◆ TASK DATA:
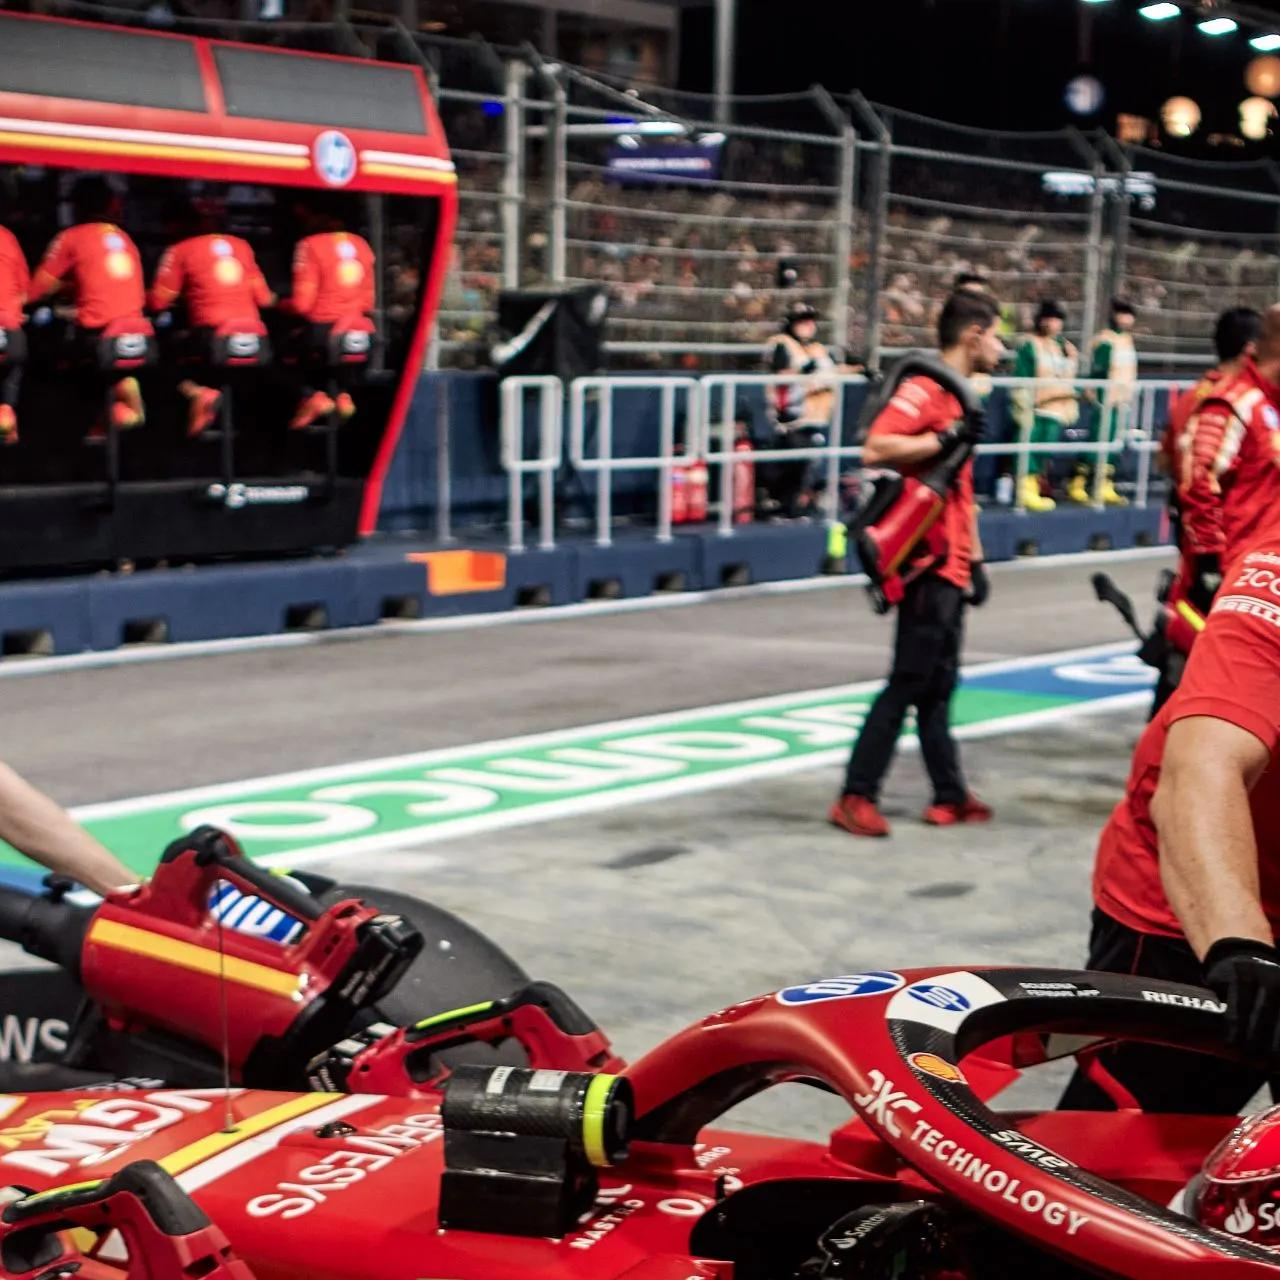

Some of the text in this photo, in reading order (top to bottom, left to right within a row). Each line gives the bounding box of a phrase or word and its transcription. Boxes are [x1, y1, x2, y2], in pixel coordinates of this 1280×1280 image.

[181, 688, 918, 838] ramco
[907, 985, 970, 1012] hp
[246, 1112, 444, 1220] GENESYS
[910, 1119, 1090, 1236] TECHNOLOGY
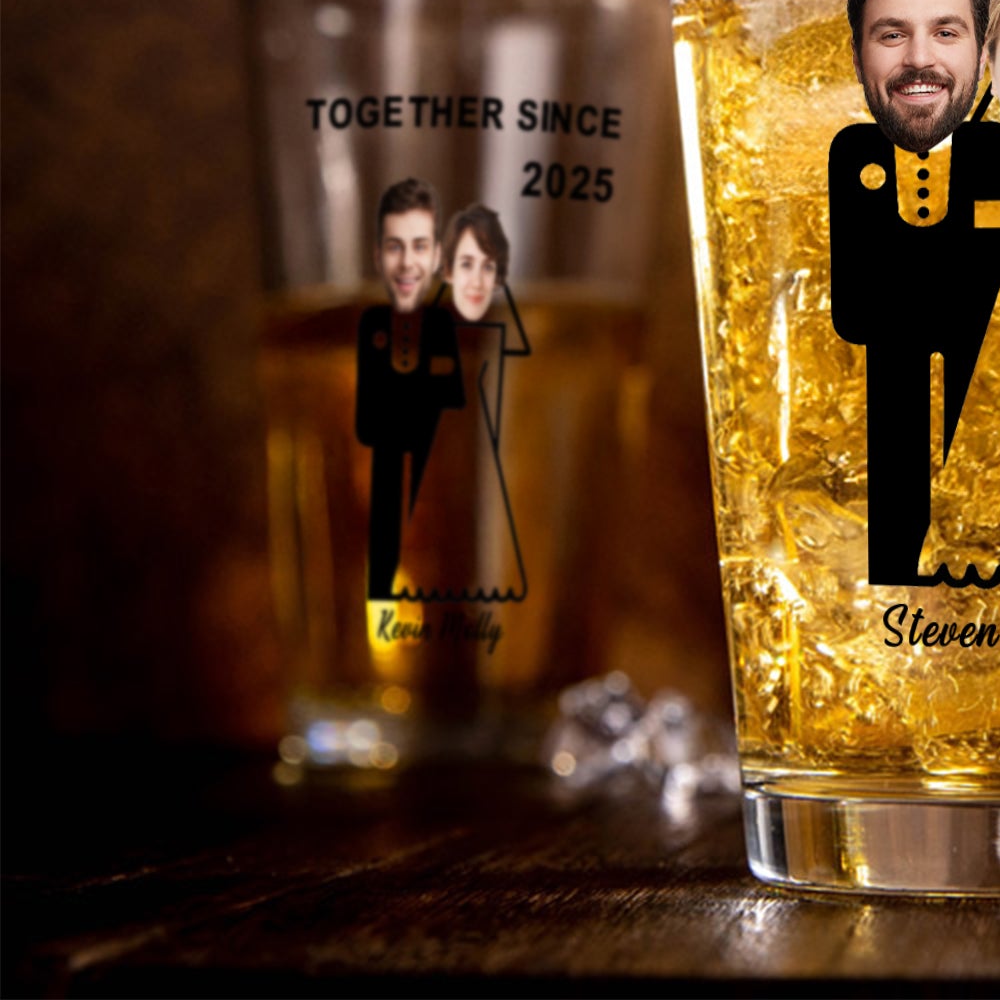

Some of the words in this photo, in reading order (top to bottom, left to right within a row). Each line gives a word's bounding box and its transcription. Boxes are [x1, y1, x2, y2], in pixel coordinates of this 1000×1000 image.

[306, 96, 503, 130] TOGETHER
[517, 99, 622, 139] SINCE
[521, 161, 614, 203] 2025
[376, 608, 432, 642] Kevin
[883, 603, 1000, 648] Steven

◆ WHAT YOU ARE ASKED TO DO:
Only the lines from the one holding "Some of the words" to the end of the entries above belong in the answer, each copied exactly.

◆ ANSWER BOX:
Some of the words in this photo, in reading order (top to bottom, left to right within a row). Each line gives a word's bounding box and its transcription. Boxes are [x1, y1, x2, y2], in pixel coordinates of this 1000×1000 image.

[306, 96, 503, 130] TOGETHER
[517, 99, 622, 139] SINCE
[521, 161, 614, 203] 2025
[376, 608, 432, 642] Kevin
[883, 603, 1000, 648] Steven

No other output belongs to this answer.